@sophieschmieg @neilmadden

IMO we need to stop coming up with algorithms to securely store "derivatives" of typically weak passwords, as

IT WILL FAIL.

From https://www.akkadia.org/drepper/SHA-crypt.txt:
❝
In addition, the produced output for [...] MD5 has a short length which makes it possible to construct rainbow tables.
❞

Please correct me if I'm wrong, but even in 2025 suggesting that a rainbow table is feasible for (lets cut a few bits for MD5 weaknesses) random numbers of 120 bits in length is BS (in order to create FUD).

If I'm right about that, the least bad thing to do is:

1) Everyone should use a password manager (pwmgr) because people simply do not have the ability to come up with a sufficiently strong password that is *unique for each account*, let alone for multiple accounts (sometimes hundreds), to remember them absolutely error-free, and to recall which password was chosen for which account.
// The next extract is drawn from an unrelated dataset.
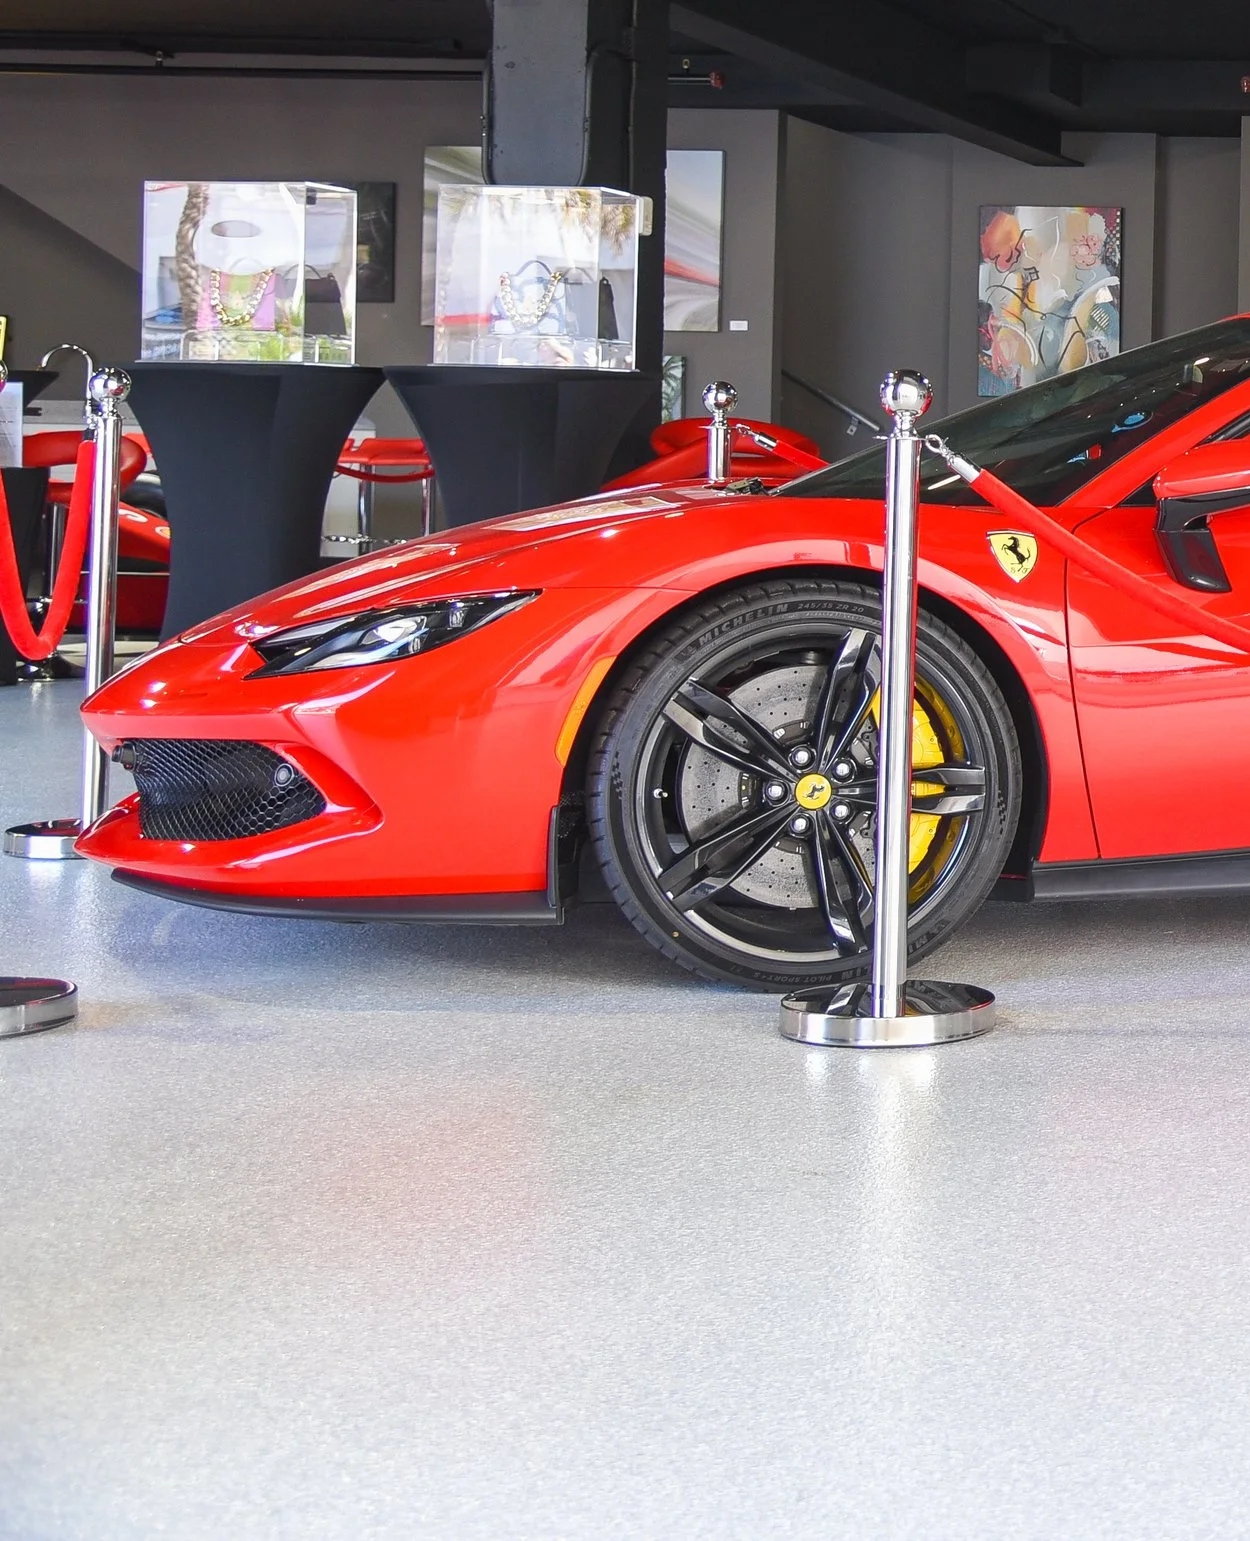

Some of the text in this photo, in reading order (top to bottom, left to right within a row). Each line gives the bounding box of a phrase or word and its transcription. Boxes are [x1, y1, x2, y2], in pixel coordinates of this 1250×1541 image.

[698, 601, 865, 646] MICHELIN 245/35 ZR 20
Note: IMO password *reuse* currently is the biggest threat. Entering a reused password on a fake (phishing) website may have devastating consequences, because (when a password is reused for multiple accounts) chances are that ALL those accounts are compromised. Note that the complexity and uniqueness of the password are IRELLEVANT. And, what KDF is used on the server, is IRRELEVANT as well.

2) Let the pwngr generate a (cryptographically) random password, as long and with as much entropy as allowed by the server.
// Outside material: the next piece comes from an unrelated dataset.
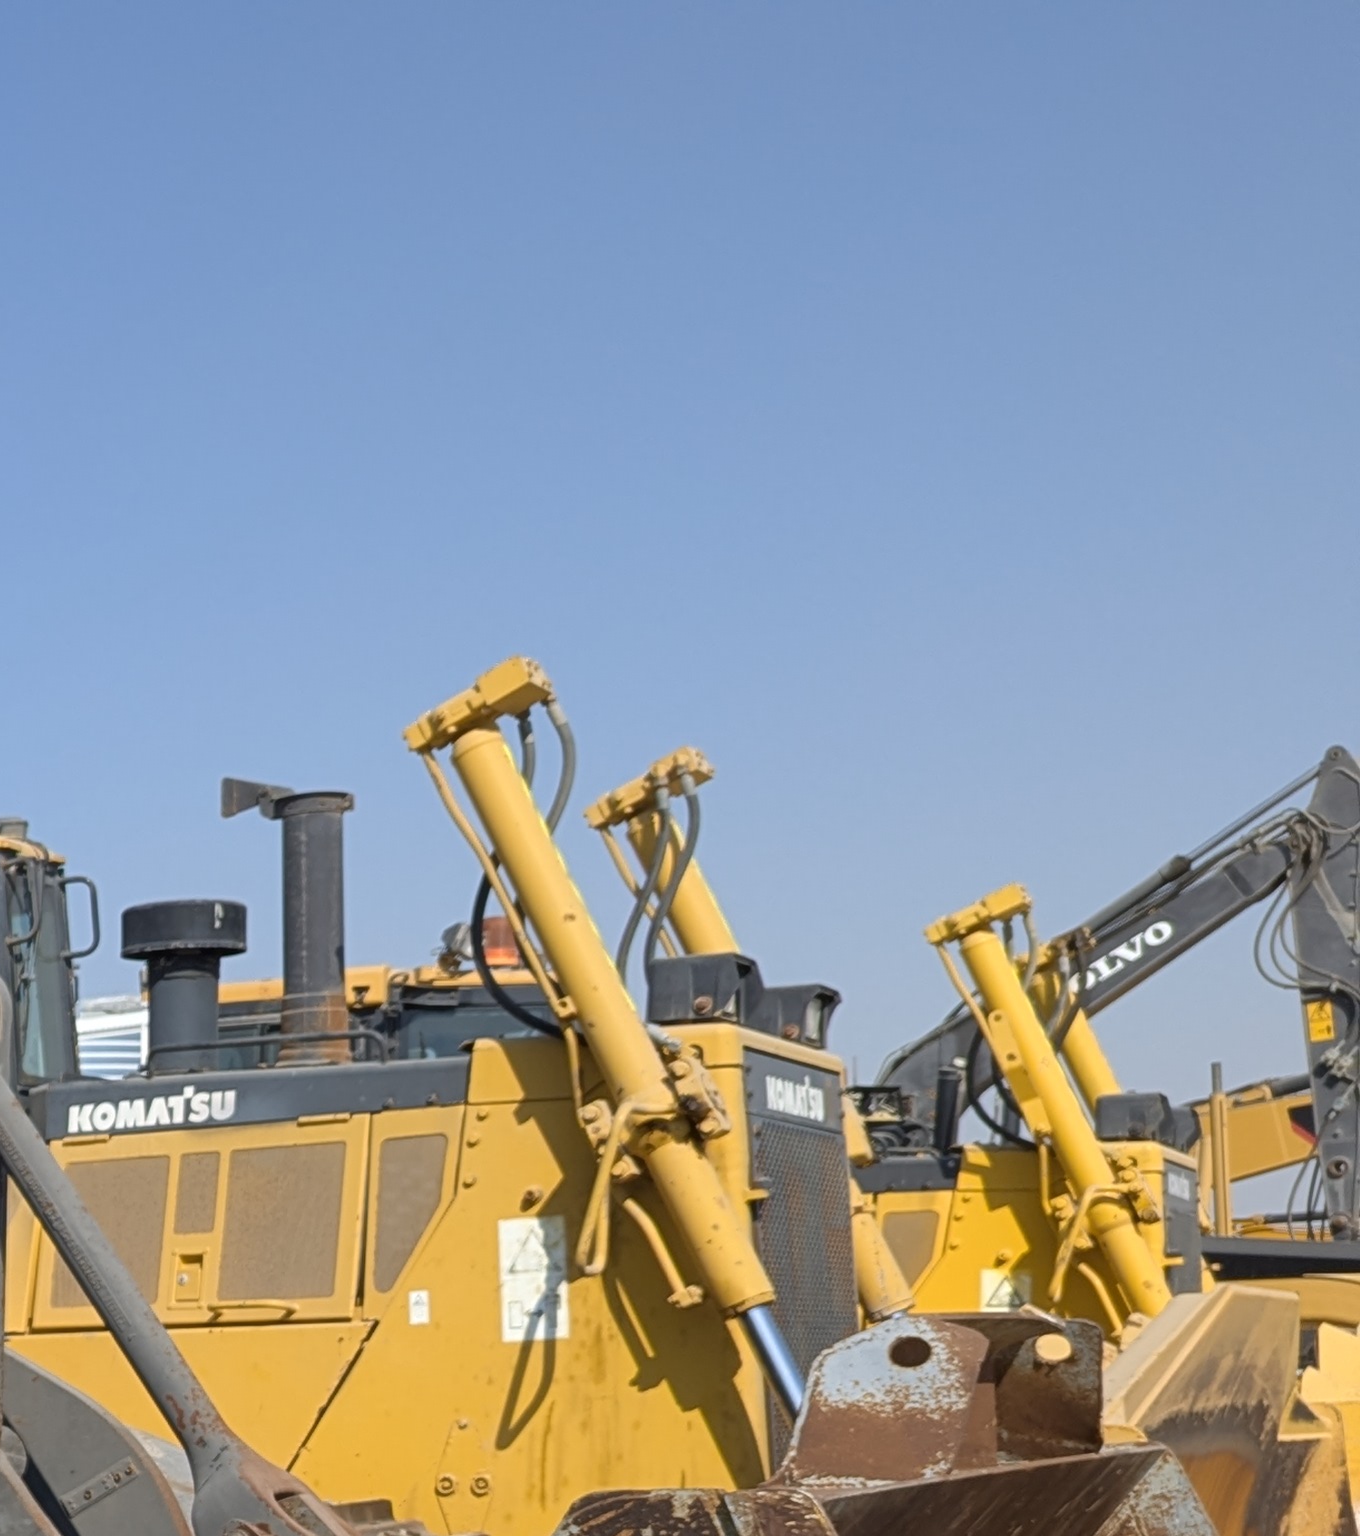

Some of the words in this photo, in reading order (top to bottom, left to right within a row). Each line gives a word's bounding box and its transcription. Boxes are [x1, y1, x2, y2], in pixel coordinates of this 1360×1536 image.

[1067, 921, 1173, 991] OLVO
[67, 1085, 236, 1133] KOMATSU
[765, 1074, 825, 1122] KOMATSU
3) Use a strong master password and NEVER forget it (typical beginner failure).

4) Make sure the database is backed up in more than one place, and make a backup after each modification.

5) Make sure that the device the password mamager is used on, *never* gets compromised.

6) Double check that https:// is used. Better, make sure to use a browser that blocks http:// connections and warns you (Safari on iOS/iPadOS now supports "Not Secure Connection Warning"). In all browsers such a setting is OFF by default: ENABLE IT!

7) On a mobile device: use "Autofill". The OS then transfers the domain name (shown in the browser's address bar) to the pwmgr. If a matching domain name is *not found* in the pw database, assume that you're on a (fake) phishing website! In that case: DO NOT ATTEMPT TO LOG IN by looking up credentials yourself. Reasons for 7, two examples:
----
fake: circle-ci·com
real: circleci.com
----
fake: lîdl.be
real: lidl.be
----

If people would follow this advice (which is not just mine), even MD5 for storing a one-way derivative of the password on the server would be fine.

HOWEVER: don't use MD5 - because "never use MD5 for whatever" is easier to remember than "don't use MD5 if preimage attacks are possible".

P.S. I'm not a cryptographer (although I'm quite interested in the matter).